Living Like A Bird
Monday, June 8th, 2009
Osprey by Marc Schulman
A significant portion of you are familiar with this little dichotomy. I’ve been featured at a few Furry conventions over the years and my popularity among the animal-savvy seems to be growing. The fact that some of my Second Life fans still haven’t seen me in person as a human makes for a unique image to uphold. There are a lot of people, however, who just want to hear the music.

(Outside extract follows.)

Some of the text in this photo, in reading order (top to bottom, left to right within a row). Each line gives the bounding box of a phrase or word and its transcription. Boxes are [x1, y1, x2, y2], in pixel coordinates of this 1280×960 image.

For the “normal” people out there, I’m just your average piano rocker trying to eke out a living in the music business. I can’t exactly hide my fascination with the Pandion Haliaetus, but fortunately most of you don’t seem to be weirded out by it. I’m not the guy with the ears and tail at the shopping mall, nor am I anything you’ve read about in Vanity Fair or seen on TV. If you’d like to compare me to those freak shows, I will happily find the choicest representatives of your hobbies or religions and write about them for you.

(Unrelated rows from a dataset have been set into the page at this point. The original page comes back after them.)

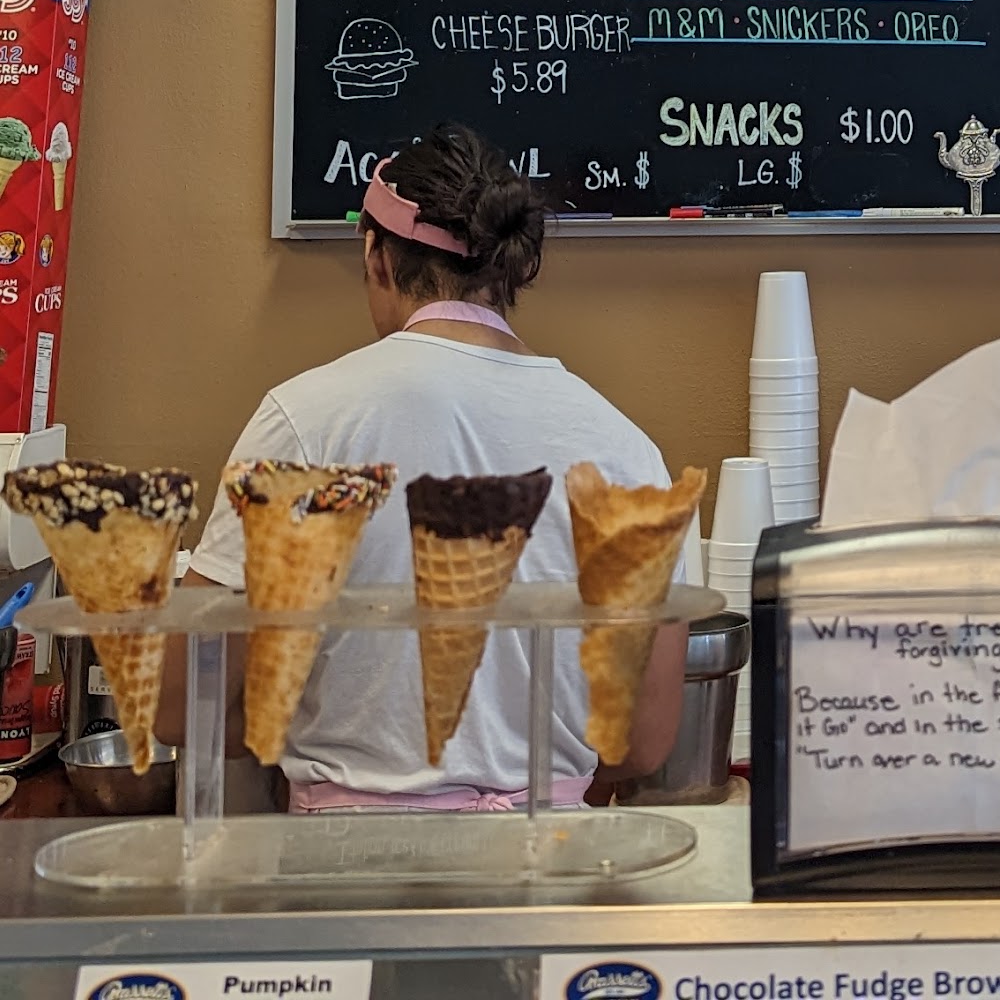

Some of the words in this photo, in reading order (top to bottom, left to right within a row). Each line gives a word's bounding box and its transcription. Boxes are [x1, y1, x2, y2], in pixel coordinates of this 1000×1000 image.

[650, 8, 725, 39] M&M
[746, 6, 870, 41] SNICKERS
[894, 11, 959, 42] OREO
[490, 59, 567, 104] $5.89
[659, 97, 804, 147] SNACKS
[840, 107, 914, 144] $1.00
[35, 292, 62, 313] CUPS
[807, 615, 878, 649] Why
[896, 619, 947, 638] are
[794, 685, 901, 714] Because
[909, 682, 934, 705] in
[942, 682, 984, 705] the
[865, 715, 907, 736] and
[914, 717, 937, 735] in
[943, 714, 989, 735] the
[949, 753, 996, 769] new
[222, 975, 332, 998] Pumpkin
[675, 974, 824, 1000] Chocolate
[835, 971, 924, 1000] Fudge

No, I’ve just had the usual fascination with animals and, in particular, Osprey. When I was younger (up to and including last week) I spoke to an imaginary friend- a 6-foot tall humanoid osprey. I even wrote a musical incorporating a friend of his as my senior project in college. I spent over a decade writing a 400-page novel about the world my avian friend comes from… I’m hoping that someday I can share it with you, but it needs some serious revisions that I just can’t focus on right now.
When you consider that anthropomorphism has played a major role in everything from religions to sporting events for thousands of years, it should surprise no one that some of us feel drawn to an animal that represents something we admire or covet. If you think this is odd, you haven’t taken a look at your favorite sports teams recently- chances are good they’re represented by an animal. So is your local gas station. Jesus Christ was called both a lion and a lamb, depending on the verse. We name our attack helicopters and fighter jets after birds of prey and Indian tribes. For that matter, those Indian tribes believe in spirits personified by the animals from their surrounding territory.

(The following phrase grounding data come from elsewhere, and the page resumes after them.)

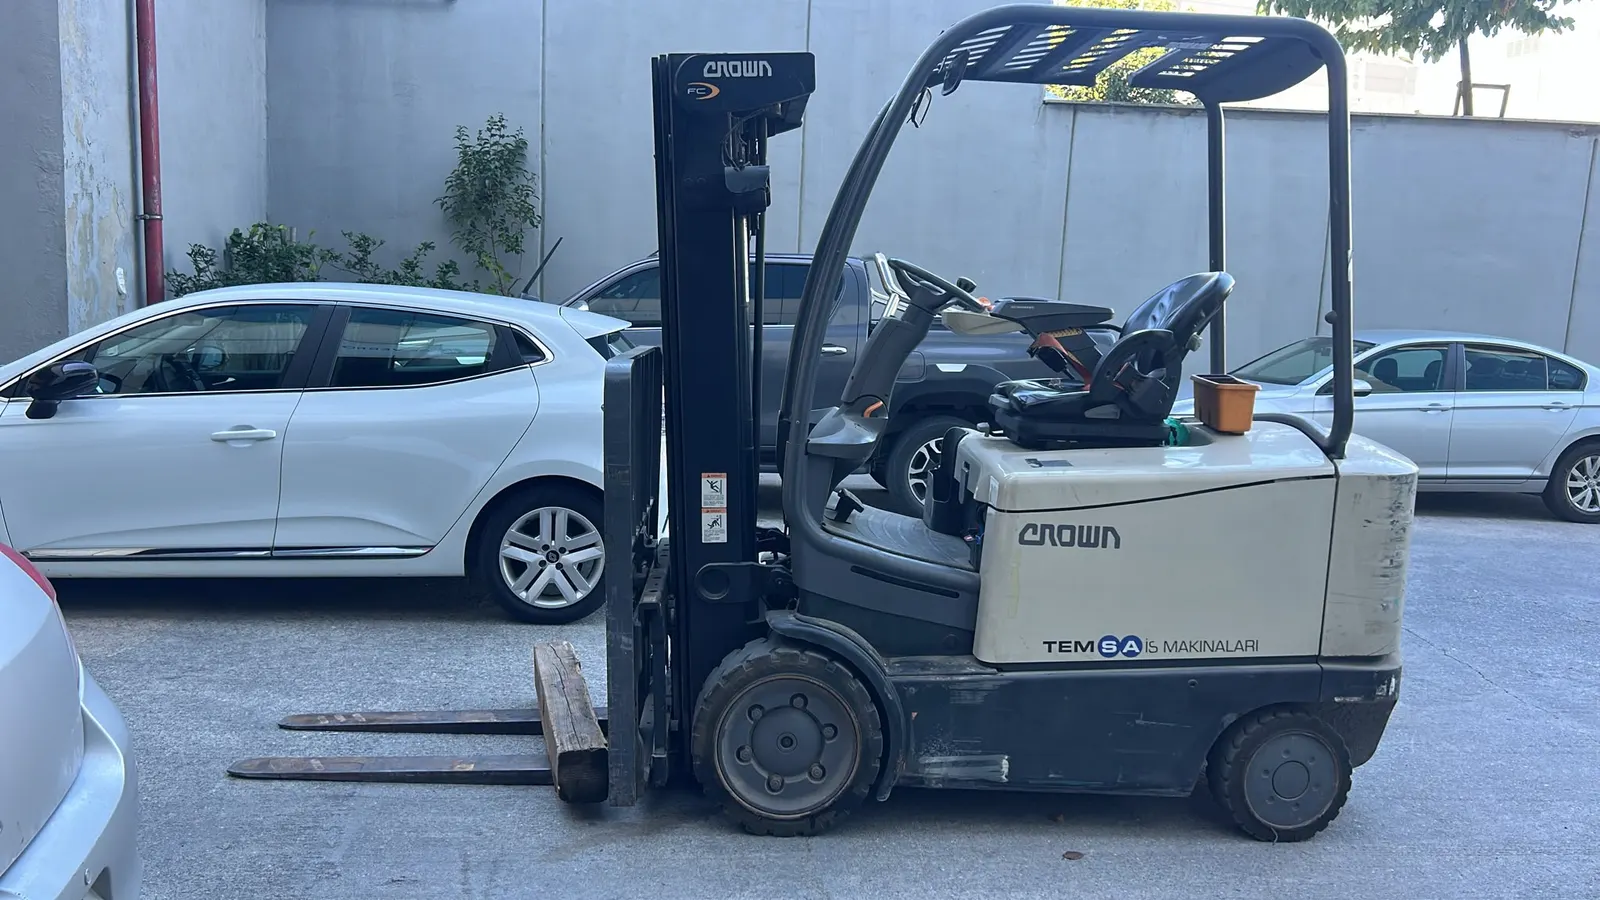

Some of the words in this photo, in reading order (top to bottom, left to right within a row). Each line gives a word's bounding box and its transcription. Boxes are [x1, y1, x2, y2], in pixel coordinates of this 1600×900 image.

[703, 60, 772, 78] CROWN
[687, 87, 706, 95] FC
[1018, 523, 1121, 549] CROWN
[1042, 636, 1142, 656] TEMSA
[1163, 639, 1260, 653] MAKINALARI

It honestly makes me sad when I encounter people who don’t entertain these kinds of concepts. If all you’ve thought about are things you’ve seen in this world, you are living in a very limited space. You’re trapped in a studio apartment with no windows- you may be content with your surroundings and your life, but I believe you suffer from an imaginative agoraphobia. Once you’ve seen what’s outside the walls of normality, you might wonder how you existed before.
Do I write songs about birds? Not a whole lot. I’ve written about cows more often than I’ve written about birds, to be honest. I write about what I experience, and I haven’t experienced birdness yet. The bird thing is more of a constant fascination- something that I feel drawn to in a way that I just can’t quantify. I wish I could be a bird, that’s for certain, but until I disappear in a cloud of feathers I want my fans to understand one of my long-term fixations. It’s a fun world to immerse myself in from time to time, and it affects my daily life in tiny ways I’m not aware of.
What are you drawn to? What’s the little non-sequitir that exists in your daily life, making things a bit more interesting? How are you using that?
Update: I love hearing from all of my friends who already get this stuff, but if you’re a “normal” person and are a bit shy about commenting, please respond to this anyway!